*What you have to do:*
Return the entries below in their exact form, leaving the pictures out.

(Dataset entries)
___
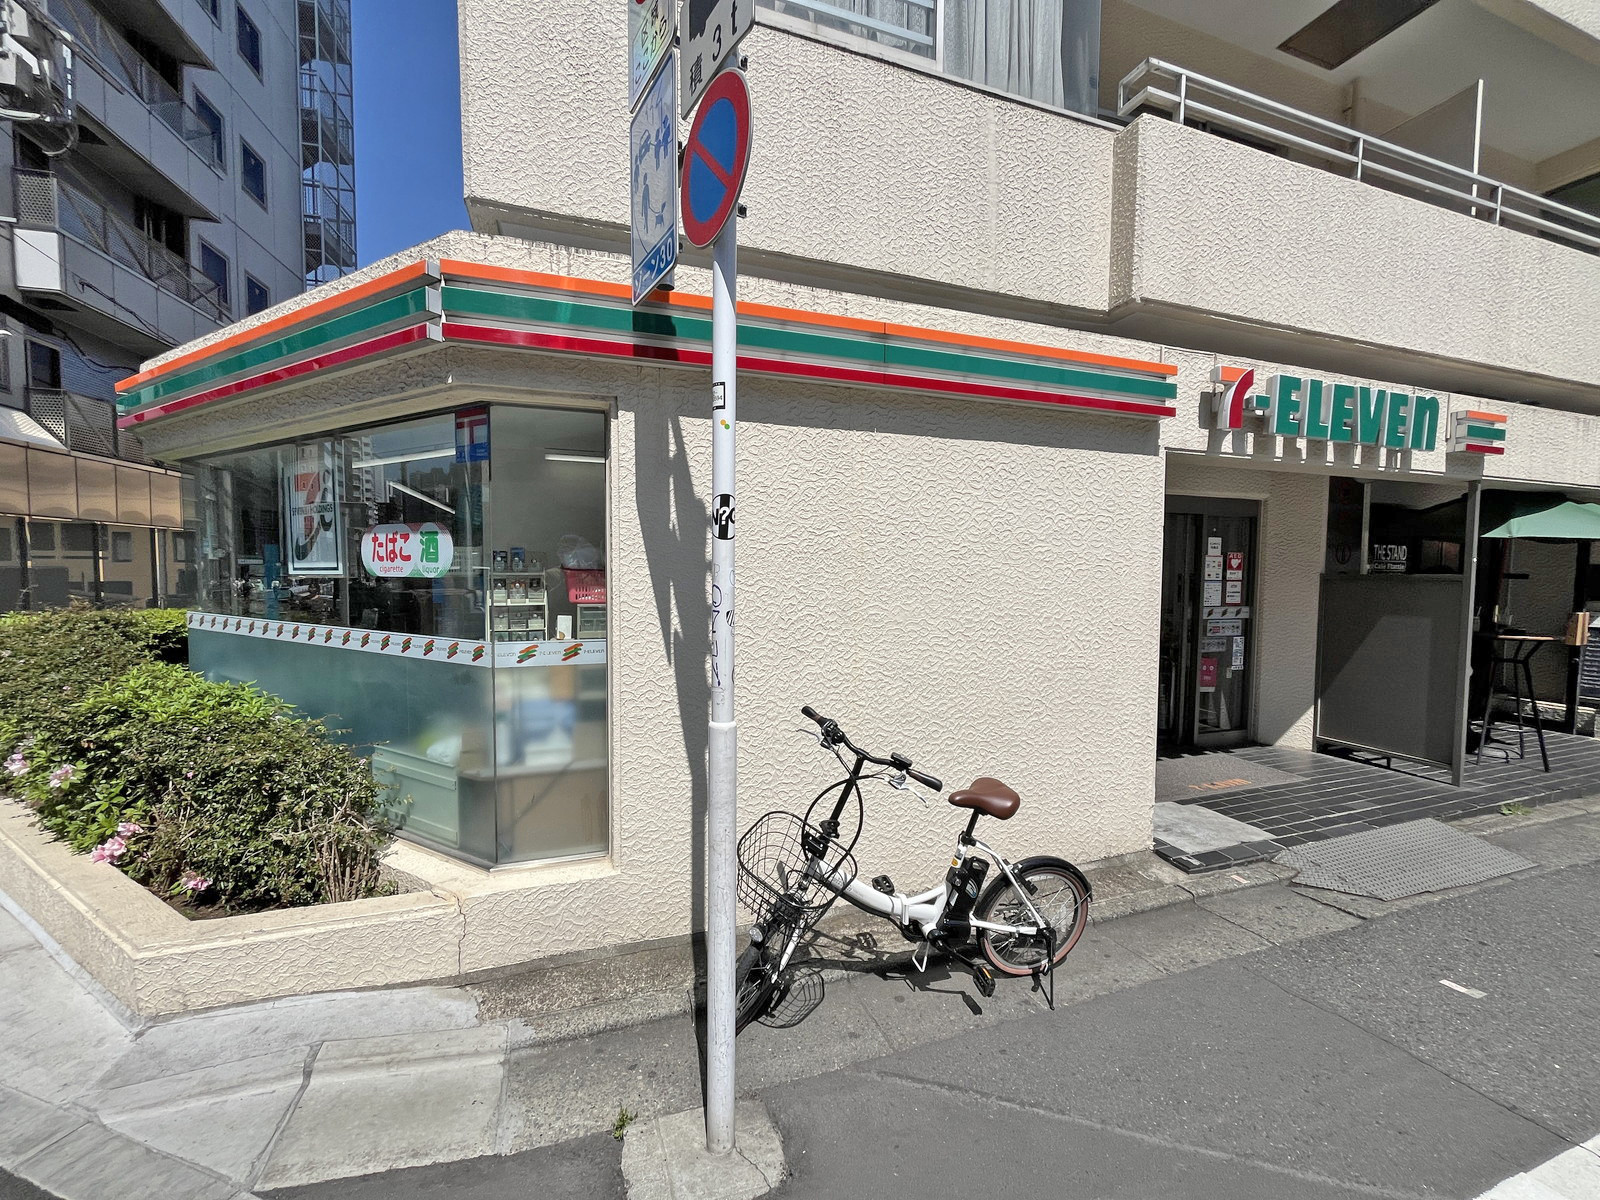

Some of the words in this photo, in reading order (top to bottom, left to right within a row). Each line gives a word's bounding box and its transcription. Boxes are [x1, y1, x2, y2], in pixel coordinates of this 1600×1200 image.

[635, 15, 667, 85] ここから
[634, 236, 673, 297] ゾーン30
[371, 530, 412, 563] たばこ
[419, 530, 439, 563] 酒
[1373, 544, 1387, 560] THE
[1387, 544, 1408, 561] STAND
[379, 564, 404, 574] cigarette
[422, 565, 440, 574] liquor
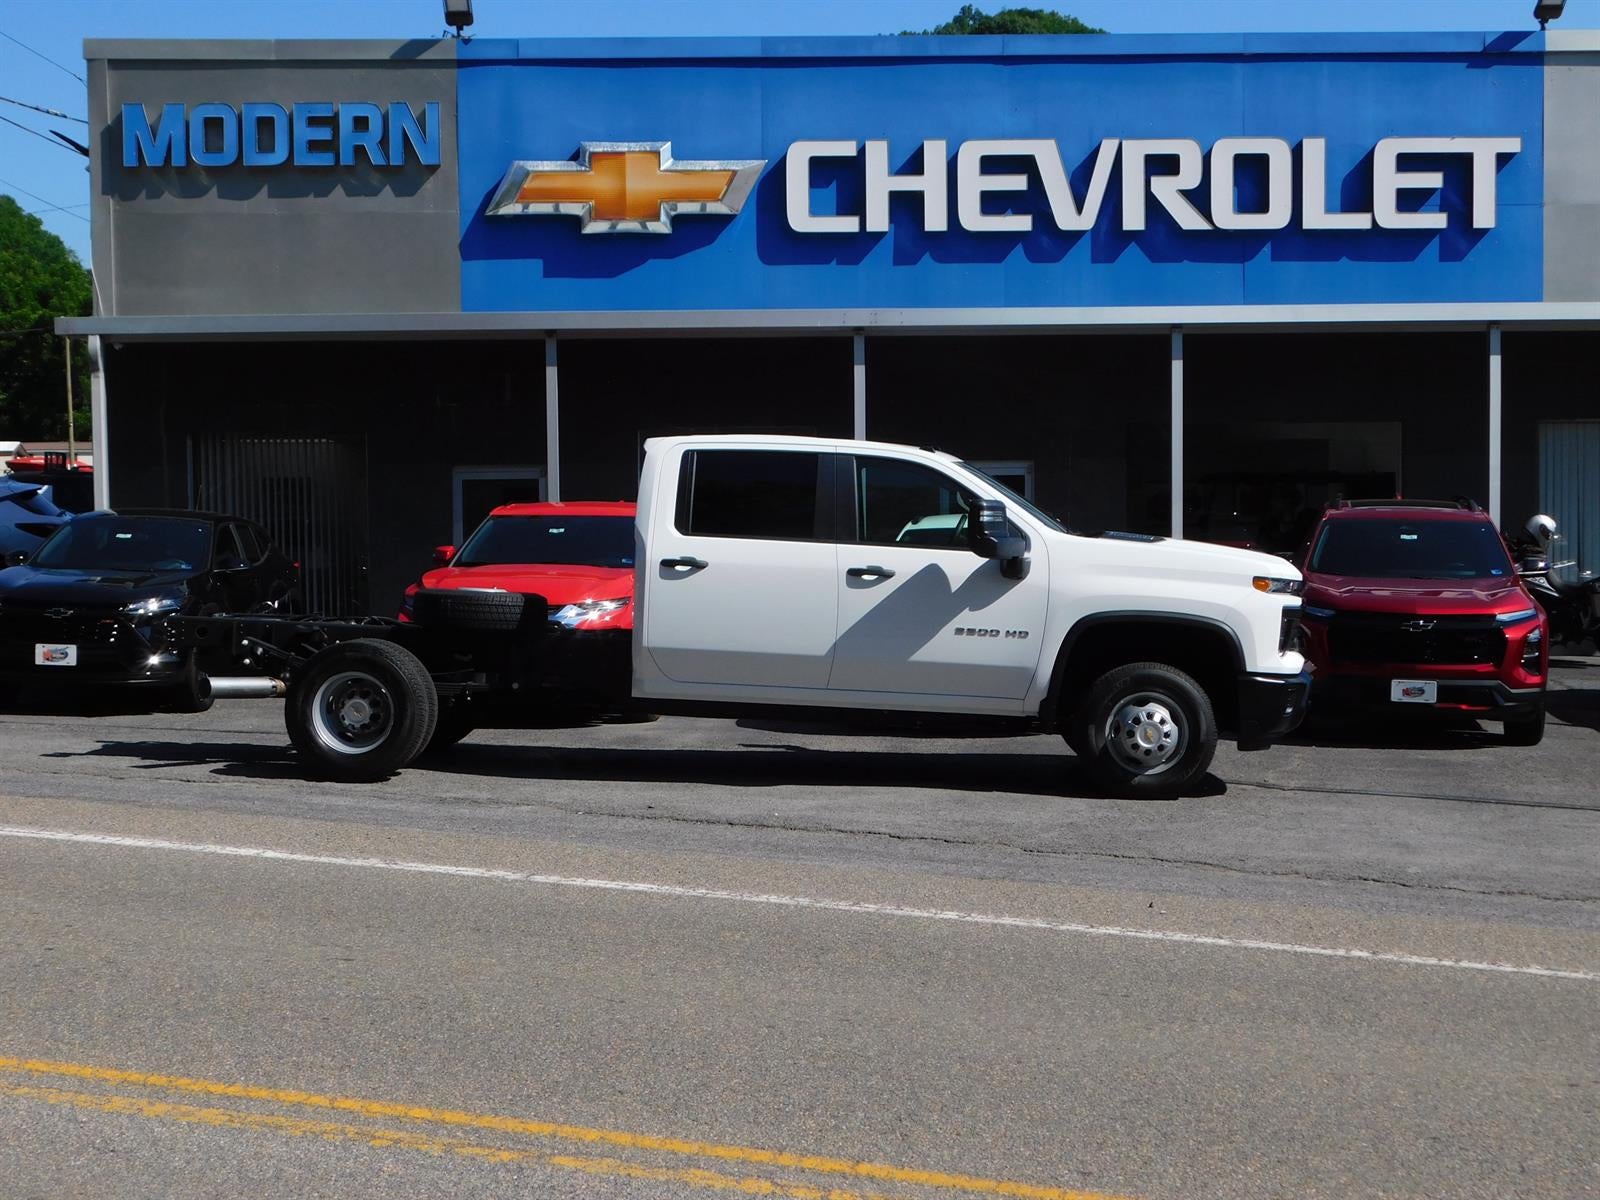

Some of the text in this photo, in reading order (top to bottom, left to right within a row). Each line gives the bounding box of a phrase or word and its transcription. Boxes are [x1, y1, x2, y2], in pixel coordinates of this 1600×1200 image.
___
*Finished exercise:*
Some of the words in this photo, in reading order (top to bottom, left to right within a row). Each line gives a word's bounding box and its transcription. Boxes are [x1, y1, x2, y2], in pixel coordinates of this 1600×1200 image.

[635, 15, 667, 85] ここから
[634, 236, 673, 297] ゾーン30
[371, 530, 412, 563] たばこ
[419, 530, 439, 563] 酒
[1373, 544, 1387, 560] THE
[1387, 544, 1408, 561] STAND
[379, 564, 404, 574] cigarette
[422, 565, 440, 574] liquor

Some of the text in this photo, in reading order (top to bottom, left to right within a row). Each line gives the bounding box of a phrase or word and its transcription. Boxes are [x1, y1, x2, y2], in pixel coordinates of this 1600×1200 image.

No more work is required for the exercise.